CWE-209 in Restify

CWE-209 describes Improper Neutralization of Dynamic Tags in Output Used in an Expression Language. In the context of Restify, this typically appears when user-supplied data is interpolated into an expression language parser that is later evaluated. A common vector is the use of req.params, req.query or request bodies as part of a template or configuration string that is passed to a JavaScript eval or new Function call.

One documented incident, CVE-2020-7491, affected Restify versions prior to 8.6.0. An attacker could supply a crafted query parameter that, when concatenated into a configuration string, triggered arbitrary code execution inside the Node.js process. The vulnerability arises when Restify’s built‑in restify.plugins.responseTime or custom middleware evaluates a string that includes unsanitized input, allowing an expression language injection that bypasses authentication checks.

Typical attack patterns include:

• Injecting ${{system.exec('id')}} into a property that is later rendered by a templating engine.
• Using %{...} syntax in a configuration file that is parsed by a JavaScript expression engine.
• Supplying a malicious value to a route that is later used in a new Function call to build dynamic route handlers.

Because Restify does not automatically escape values placed into expression contexts, any endpoint that reflects user input back into a configuration or evaluation context is potentially vulnerable.
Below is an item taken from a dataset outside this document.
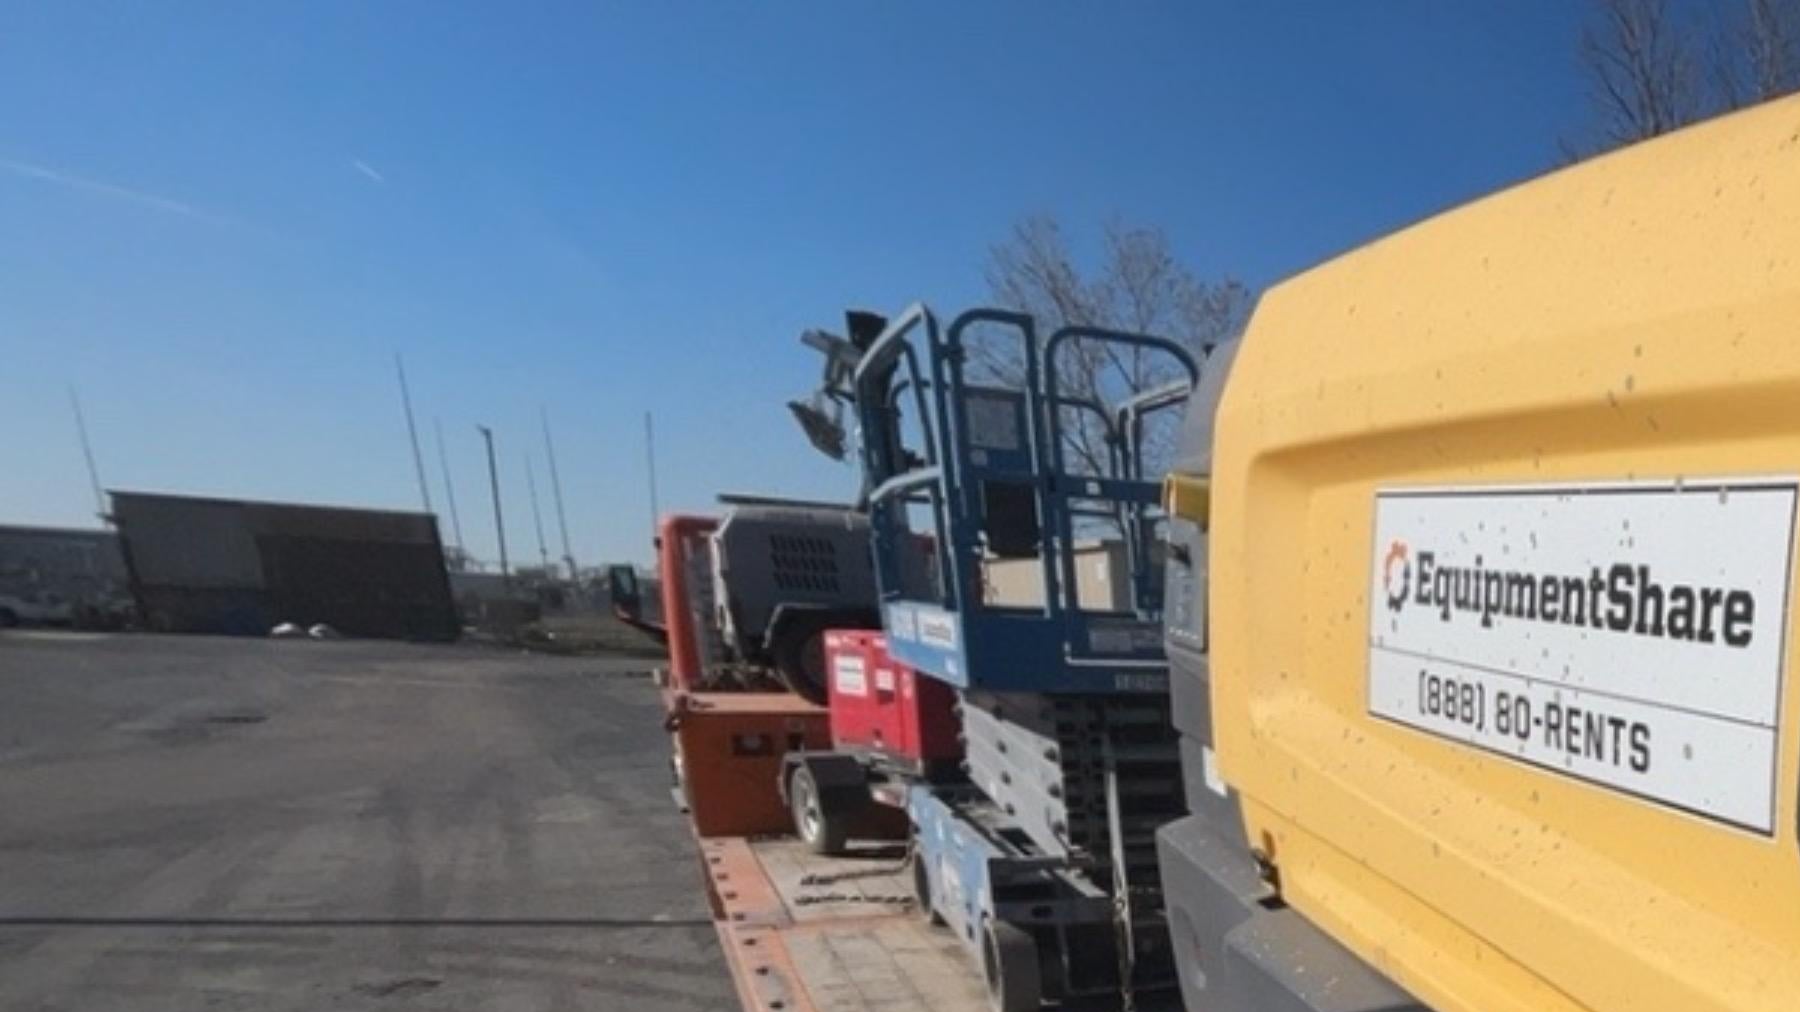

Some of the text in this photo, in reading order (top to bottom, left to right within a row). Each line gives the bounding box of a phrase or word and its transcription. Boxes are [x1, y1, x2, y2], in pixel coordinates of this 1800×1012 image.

[1415, 551, 1755, 648] EquipmentShare
[1418, 669, 1651, 774] (888) 80-RENTS
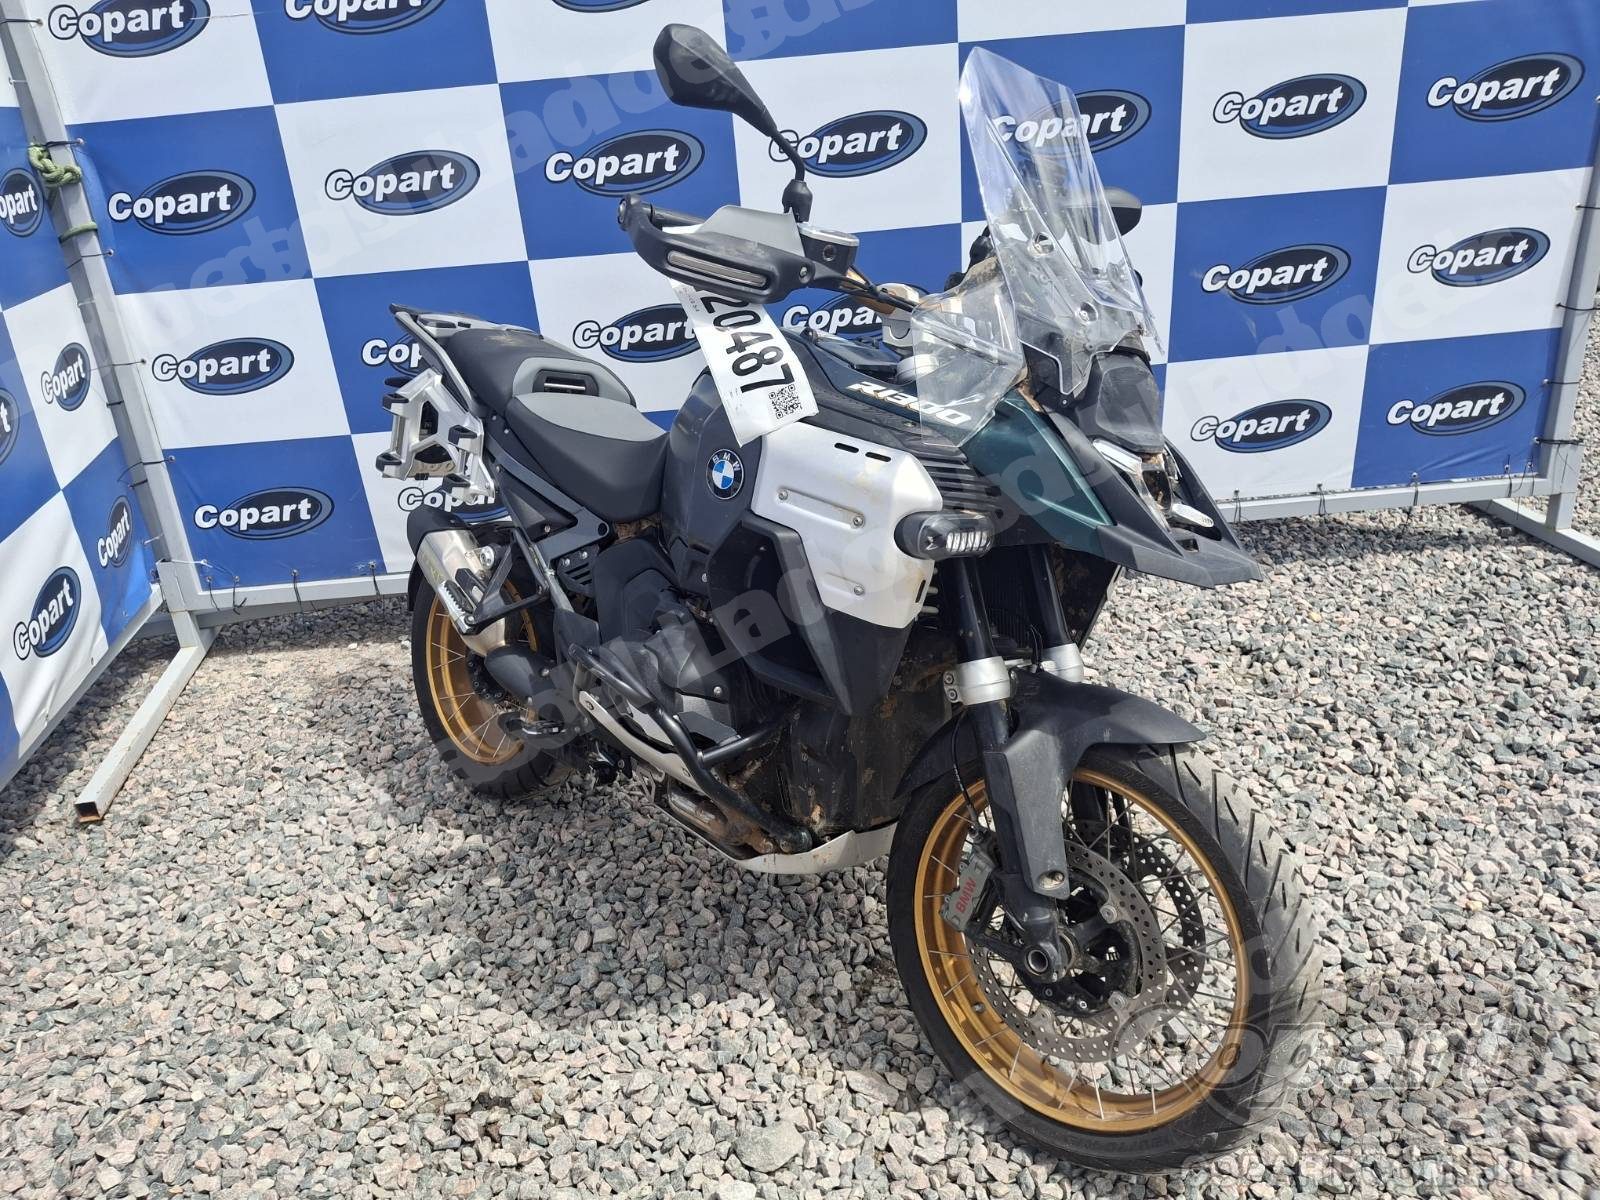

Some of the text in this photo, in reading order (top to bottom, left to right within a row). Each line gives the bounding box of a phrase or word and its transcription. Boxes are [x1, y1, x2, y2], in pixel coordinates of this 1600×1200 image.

Detecting CWE-209 in a Restify API requires scanning the unauthenticated attack surface for places where user data reaches an expression evaluator. middleBrick can be used from the CLI to probe each endpoint:

middlebrick scan https://api.example.com/endpoint

The scanner checks for patterns such as:

• Use of eval, new Function, or template literal interpolation in route definitions.
• Interpolation of req.query or req.body into configuration strings.
• Dynamic property access that is later passed to a templating engine without sanitization.

When middleBrick identifies a potential injection point, it reports a finding with a severity rating and a remediation suggestion. The finding includes a snippet of the offending code and references to the relevant CWE and CVE identifiers, enabling developers to locate the issue quickly.
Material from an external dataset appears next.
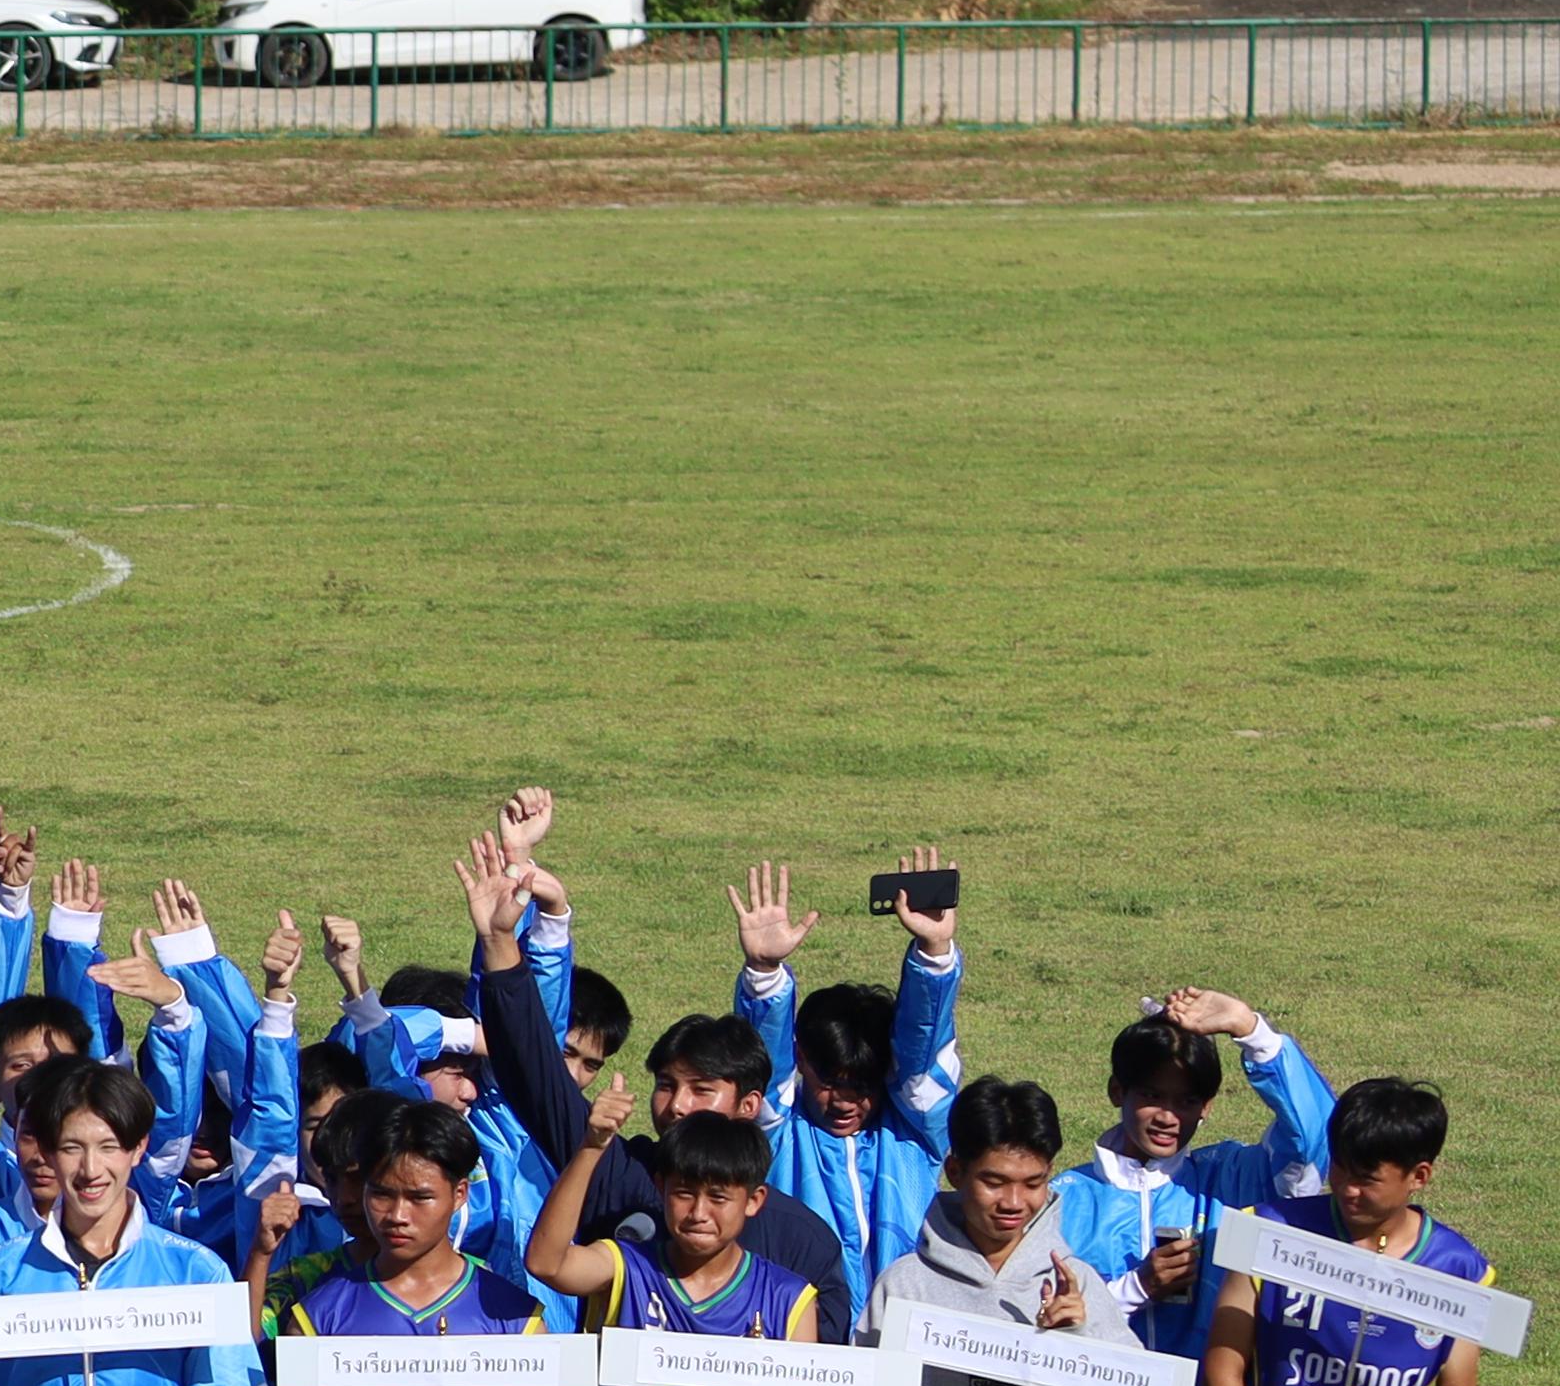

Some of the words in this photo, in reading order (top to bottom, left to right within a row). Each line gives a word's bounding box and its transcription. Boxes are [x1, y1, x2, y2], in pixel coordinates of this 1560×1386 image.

[1271, 1238, 1467, 1319] โรงเรียนสรรพวิทยาคม
[1281, 1287, 1326, 1331] 21
[653, 1345, 856, 1386] วิทยาลัยเทคนิคแม่สอด
Remediation should eliminate the direct evaluation of unsanitized user input. The following patterns are recommended for Restify applications:

// Bad: using eval with interpolated query parameter
const handler = function(req, res, next) {
  const expr = `return ${req.query.filter}`;
  const result = eval(expr);
  // ...
};

Replace the above with a whitelist approach and avoid dynamic code generation:

// Good: validate and map filter values
const allowedFilters = { name: true, status: true };
if (!allowedFilters[req.query.filter]) {
  return res.status(400).send('Invalid filter');
}
// Use the validated value directly
const filter = req.query.filter;

When configuration strings are required, use a safe templating library that auto‑escapes values, such as mustache or handlebars with strict contexts, and never feed raw query data into the template engine.

Additionally, upgrade to a Restify version that patches known expression‑language vulnerabilities (e.g., 8.6.0 or later) and enable the built‑in restify.disableErrorHandler to prevent detailed stack traces from being exposed to attackers.